By: George Ratiu & Joel Berner


The economy and housing markets are moving through a transition toward a new normal this summer. Consumers maintained an active pace of retail spending, even with surging inflation, as a strong labor market maintained upward movement on wages. In addition, after two years of pandemic restrictions, Americans embraced summer vacations with enthusiasm. Encouraged by this spending, companies continued hiring, while still struggling through a significant shortage of employees. At the same time, many professional services companies pushed to bring workers back into offices, just as the cost of gasoline reached new highs and inflation took a bigger bite of salaries and wages.

The pressure of rising prices is a prevailing headwind this year, felt by the majority of people across the country. The Federal Reserve acknowledges the threat that rising prices pose to consumer spending and economic growth, and has been actively engaged in hiking borrowing costs in order to cool consumer demand. After missing early signals in 2021 by calling inflation “transitory,” the central bank has accelerated its monetary tightening, with a 75 basis point increase at its last meeting, and indicated that it will take more aggressive measures in the months ahead, as needed.

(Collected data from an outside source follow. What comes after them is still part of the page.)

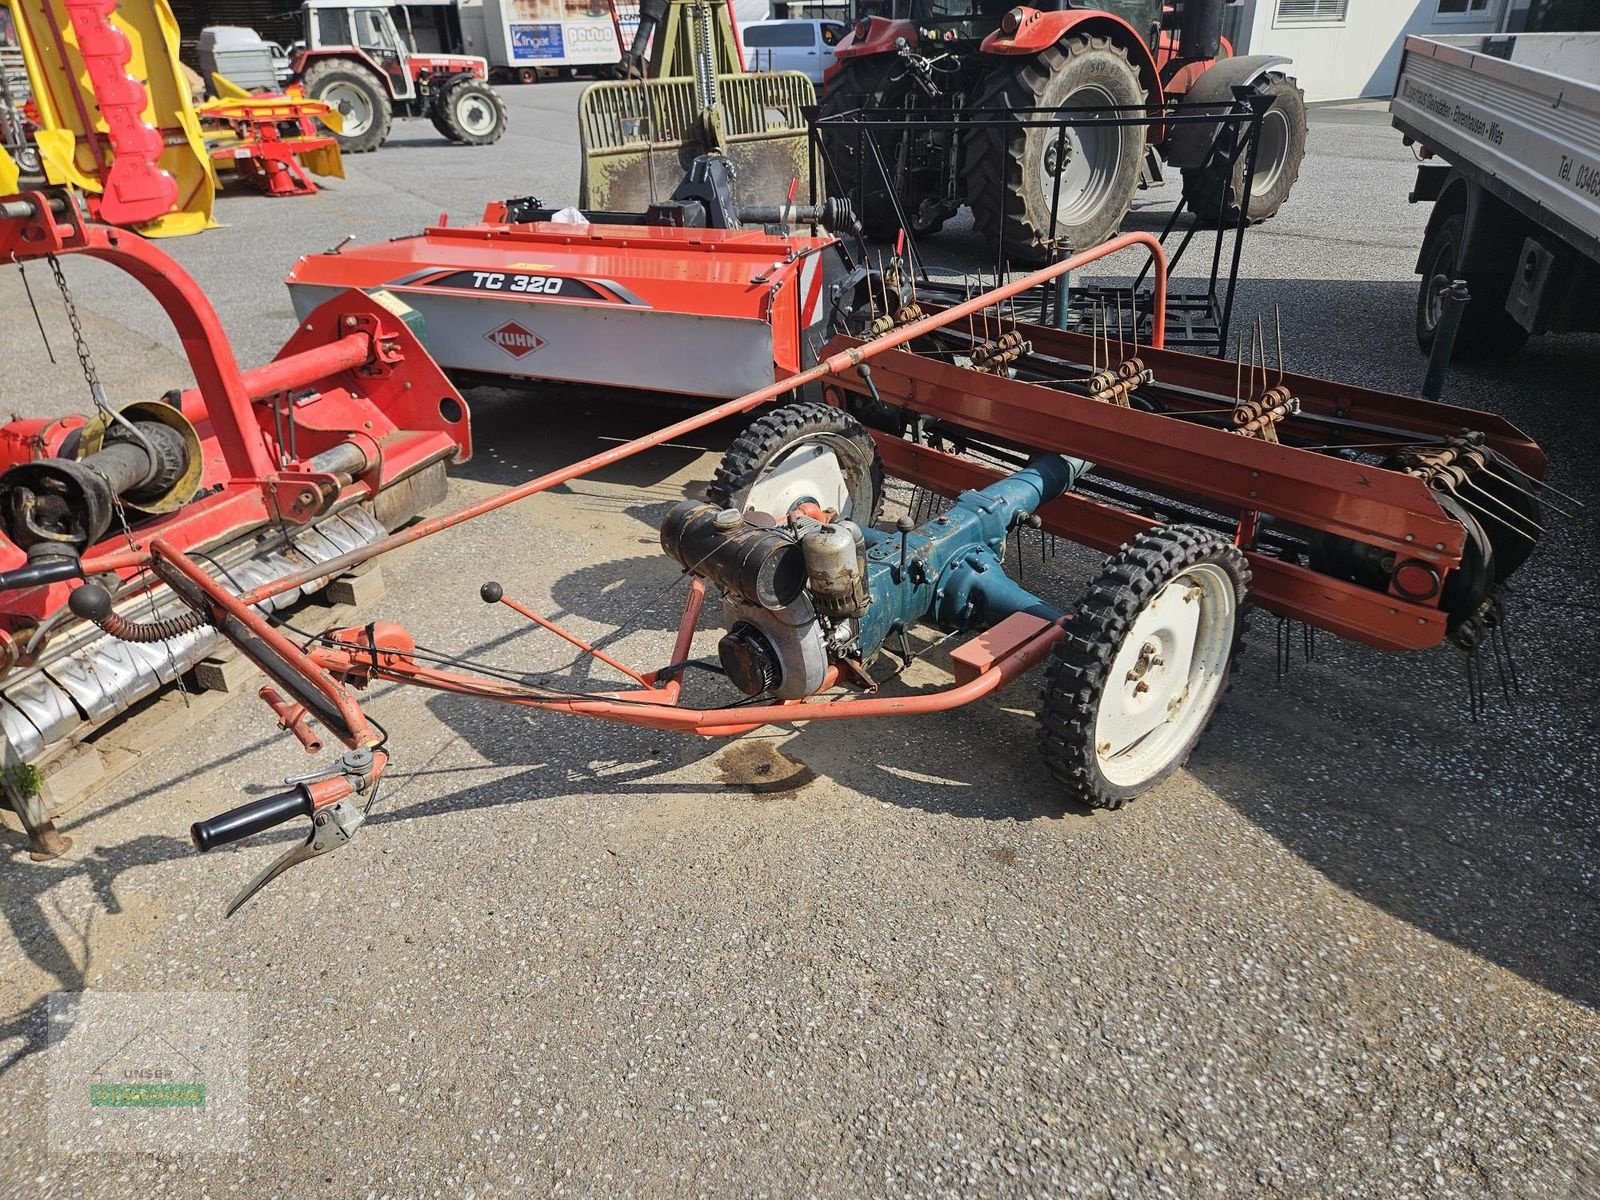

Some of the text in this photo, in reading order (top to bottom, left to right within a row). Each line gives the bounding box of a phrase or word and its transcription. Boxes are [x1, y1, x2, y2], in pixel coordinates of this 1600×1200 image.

[1453, 105, 1486, 136] Ehrenhausen
[1488, 120, 1504, 146] Wies
[1557, 154, 1573, 183] Tel.
[473, 271, 563, 294] TC 320
[494, 332, 537, 348] KUHN
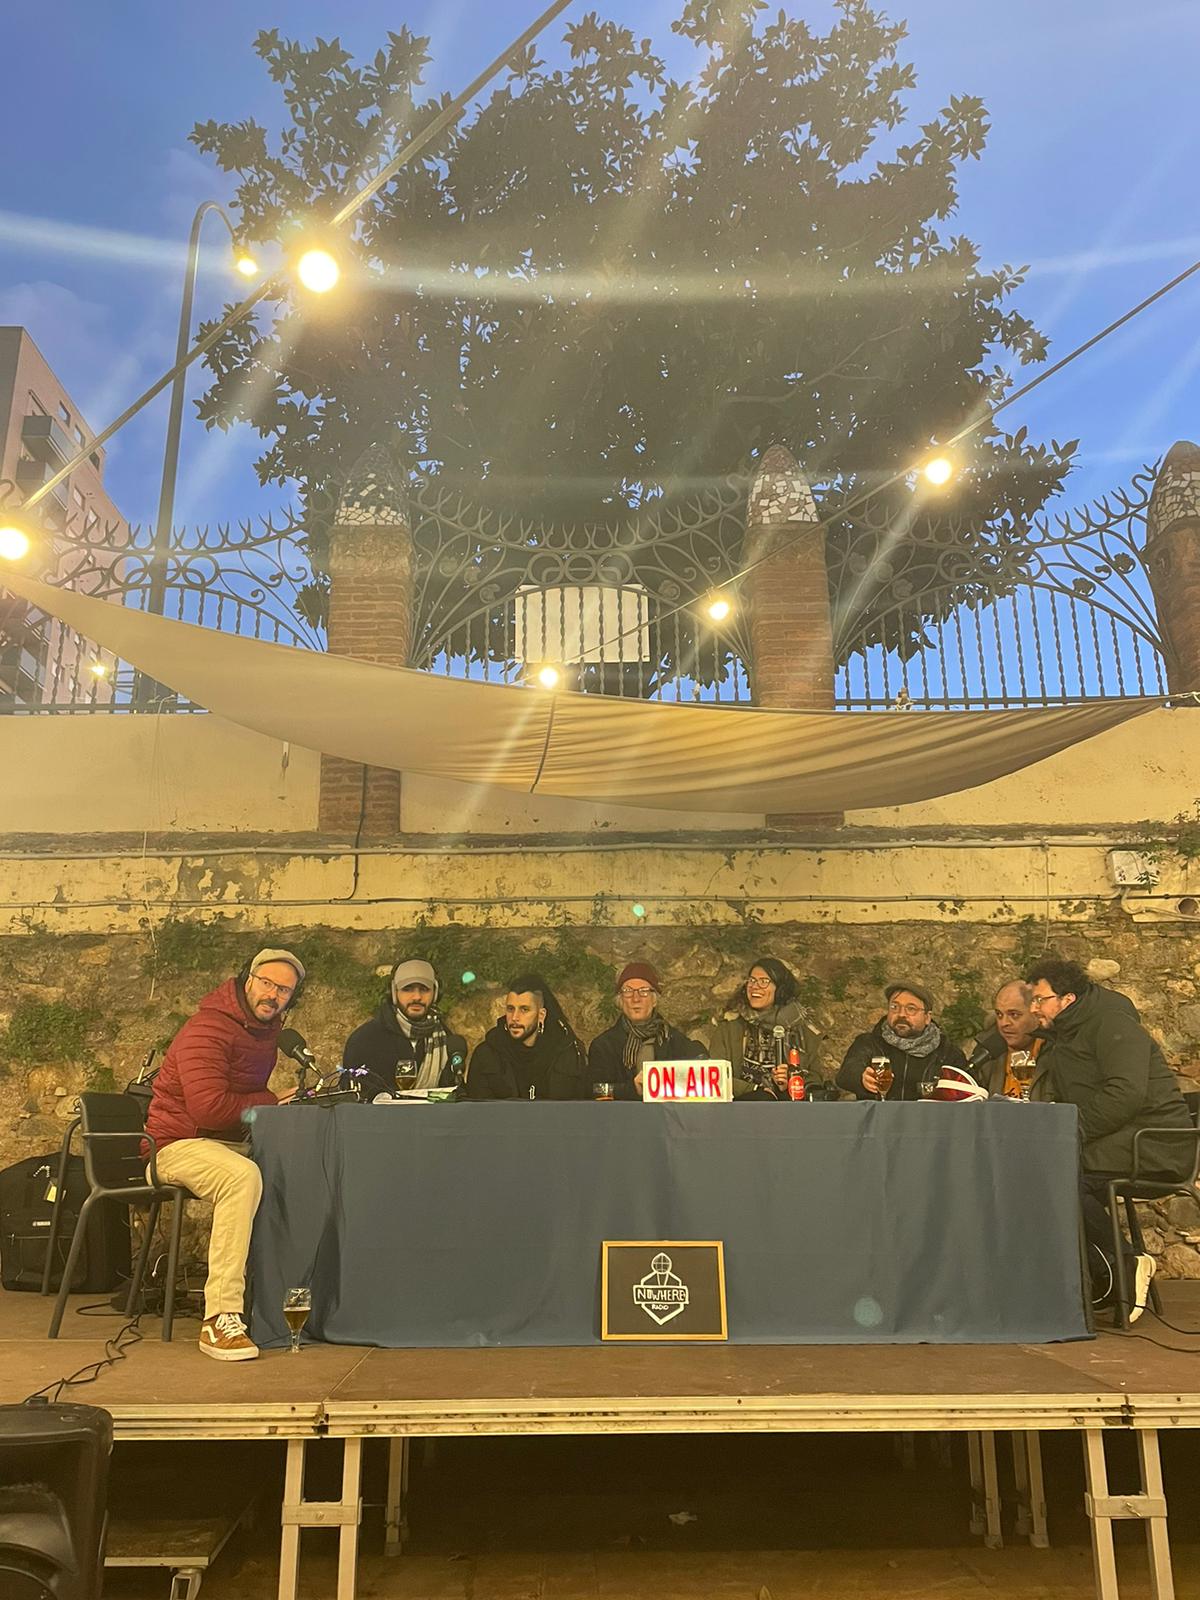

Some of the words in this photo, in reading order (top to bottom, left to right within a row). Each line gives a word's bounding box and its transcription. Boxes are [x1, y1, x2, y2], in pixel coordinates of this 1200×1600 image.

[647, 1066, 676, 1098] ON
[686, 1066, 721, 1098] AIR
[637, 1288, 686, 1301] NOWHERE

The economy continues to also feel the impact of global supply chain disruptions due to the ongoing Russian war in Ukraine. The international community maintains a raft of economic sanctions in response to Russia’s aggression. 

With inflation at a 41-year high, mortgage rates at levels not seen in over a decade, and both home prices and rents at record highs, Americans are feeling rising financial strains this summer, which are reverberating through housing markets. Within a macro environment characterized by increased volatility, real estate fundamentals are shifting away from the overheated conditions of 2021. 

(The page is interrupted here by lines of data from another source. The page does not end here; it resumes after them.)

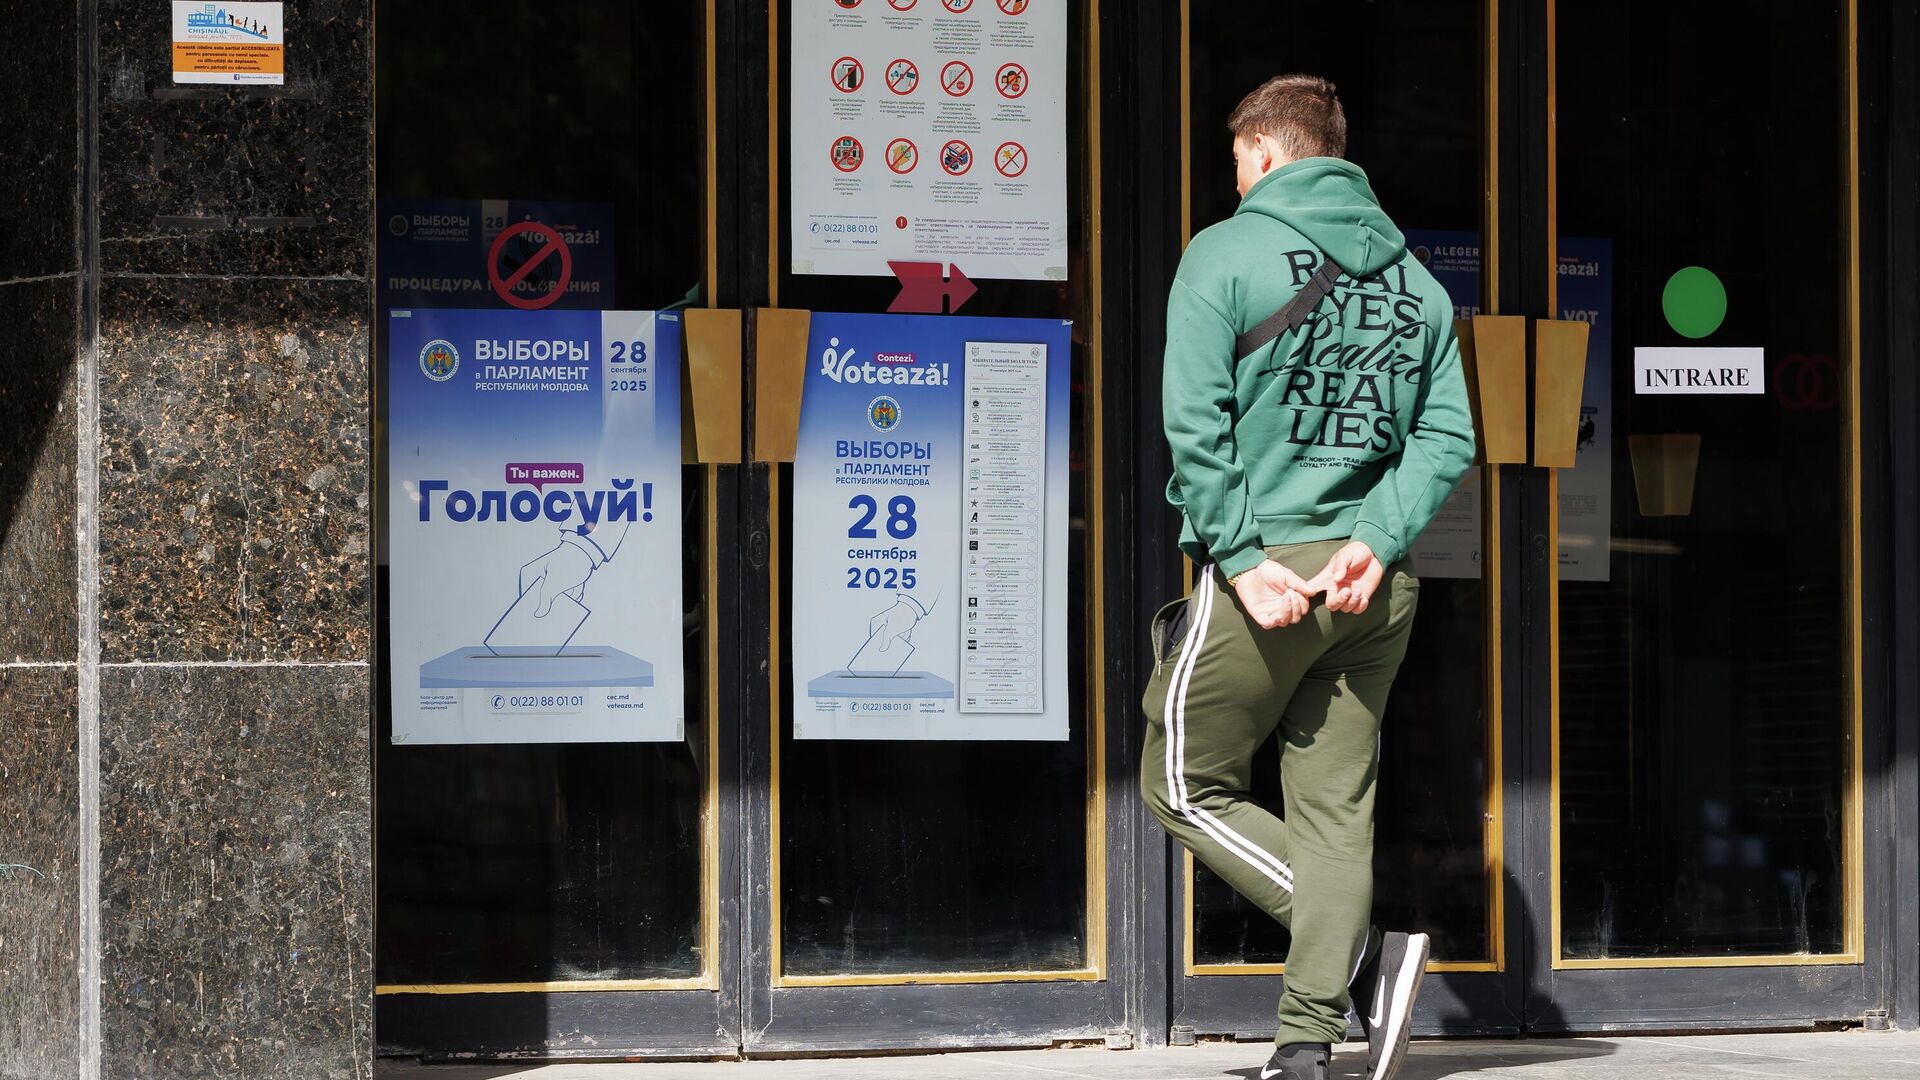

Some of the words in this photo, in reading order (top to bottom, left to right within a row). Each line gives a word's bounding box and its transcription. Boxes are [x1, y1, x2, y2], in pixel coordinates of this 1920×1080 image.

[413, 215, 470, 226] ВЫБОРЫ
[417, 228, 470, 237] ПАРЛАМЕНТ
[823, 223, 845, 233] 0(22)
[846, 224, 857, 233] 88
[858, 224, 867, 233] 01
[869, 225, 878, 233] 01
[389, 277, 482, 292] ПРОЦЕДУРА
[1295, 290, 1422, 340] YES
[1563, 310, 1599, 326] VOT
[475, 340, 590, 361] ВЫБОРЫ
[610, 341, 647, 363] 28
[877, 353, 914, 363] Contezi.
[485, 366, 590, 380] ПАРЛАМЕНТ
[610, 366, 647, 375] сентября
[1645, 368, 1750, 387] INTRARE
[475, 382, 539, 392] РЕСПУБЛИКИ
[541, 383, 590, 393] МОЛДОВА
[610, 380, 647, 392] 2025
[1285, 408, 1394, 453] LIES
[835, 440, 932, 460] ВЫБОРЫ
[1342, 456, 1360, 465] FEAR
[509, 467, 529, 479] Ты
[532, 468, 580, 479] важен.
[844, 463, 931, 476] ПАРЛАМЕНТ
[835, 476, 889, 486] РЕСПУБЛИКИ
[890, 477, 931, 487] МОЛДОВА
[418, 477, 653, 537] Голосуй!
[847, 494, 918, 540] 28
[847, 547, 917, 562] сентября
[847, 567, 917, 590] 2025
[510, 696, 538, 707] 0(22)
[540, 696, 554, 707] 88
[556, 696, 569, 707] 01
[571, 696, 584, 706] 01
[862, 702, 881, 712] 0(22)
[882, 702, 892, 711] 88
[893, 703, 903, 711] 01
[904, 703, 912, 711] 01

On the demand side, rising mortgage rates pushed the monthly payment for a median-priced home to $2,000 in June 2022 from $1,300 a year ago, leading to a noticeable dropoff. Buyers who may have started looking for a home three or four months ago are finding that by the time they find the right home, their budgets may no longer be enough to buy it.

On the supply side, more homeowners are listing their properties for sale, ready to move forward with pandemic-delayed plans and also take advantage of high prices. With declining competition among buyers, many homes for sale are lingering longer on the market, leading to a growing share of price reductions. In June, the share of homes on seeing price cuts rose to 15% of listings, more than doubling last year’s 7% during the same month.

Summer 2022 Top 20 Emerging Housing Markets

Within a dynamically changing landscape, the summer 2022 index shines a bright light on a noticeable flight to affordability. The top of the list is populated with housing markets displaying solid economic fundamentals, in-demand amenities and lifestyle options, along with a critical dose of affordable homes. The index also identifies markets that we believe are good areas in which to purchase a home for homeowners and investors alike, with expectations of price appreciation complementing vibrant and diverse communities.

We reviewed data for the largest 300 metropolitan areas in the United States. The summer 2022 ranking surfaced the following top areas:

Rank Metro Population Unemployment Rate (%) Median Home Listing Price June 2022
1 Elkhart-Goshen, IN 206161 1.6 279450
2 Burlington, NC 171346 3.6 380150
3 Johnson City, TN 204540 3.1 350000
4 Fort Wayne, IN 416565 2.2 286400
5 Billings, MT 183799 2.4 544000
6 Raleigh, NC 1420376 3 499950
7 Rapid City, SD 144514 2.3 409900
8 North Port-Sarasota-Bradenton, FL 854684 2.6 598500
9 Topeka, KS 230878 2.5 225000
10 Visalia-Porterville, CA 468680 7.7 415995
11 Fort Collins, CO 360428 2.9 627450
12 Durham-Chapel Hill, NC 652542 3 499450
13 Santa Cruz-Watsonville, CA 269925 4.2 1324975
14 Boulder, CO 327171 2.7 866500
15 Huntsville, AL 481681 2.1 409775
16 Vallejo-Fairfield, CA 446935 4.6 616495
17 Eureka-Arcata-Fortuna, CA 134977 2.9 530000
18 Jefferson City, MO 150198 2.4 239900
19 Elizabethtown-Fort Knox, KY 154356 4.1 277000
20 Colorado Springs, CO 753839 3.6 549950

 Affordability and High Quality of Life Lead Summer Housing

All of the top 20 markets in our index fall into one of two categories: affordable or outdoorsy. Twelve of the markets had a median home listing price near or below the national median during the second quarter of 2022, led by Topeka, KS and Jefferson City, MO where the median listing prices were just over $200,000. While many of these markets have flown under the national radar, the secret about their affordable qualities has gotten out, though. The average year-over-year growth rate for the median listing price among these 12 markets is 21.6%, compared to 16.2% nationwide, a sign that buyers are active. On the other end of the spectrum are the 8 markets on the coast or in the mountains like Santa Cruz-Watsonville, CA and Boulder, CO, with median listing prices over $1,300,000 and $850,000 respectively, where low-cost listings are hard to find but opportunities for outdoor recreation are not. 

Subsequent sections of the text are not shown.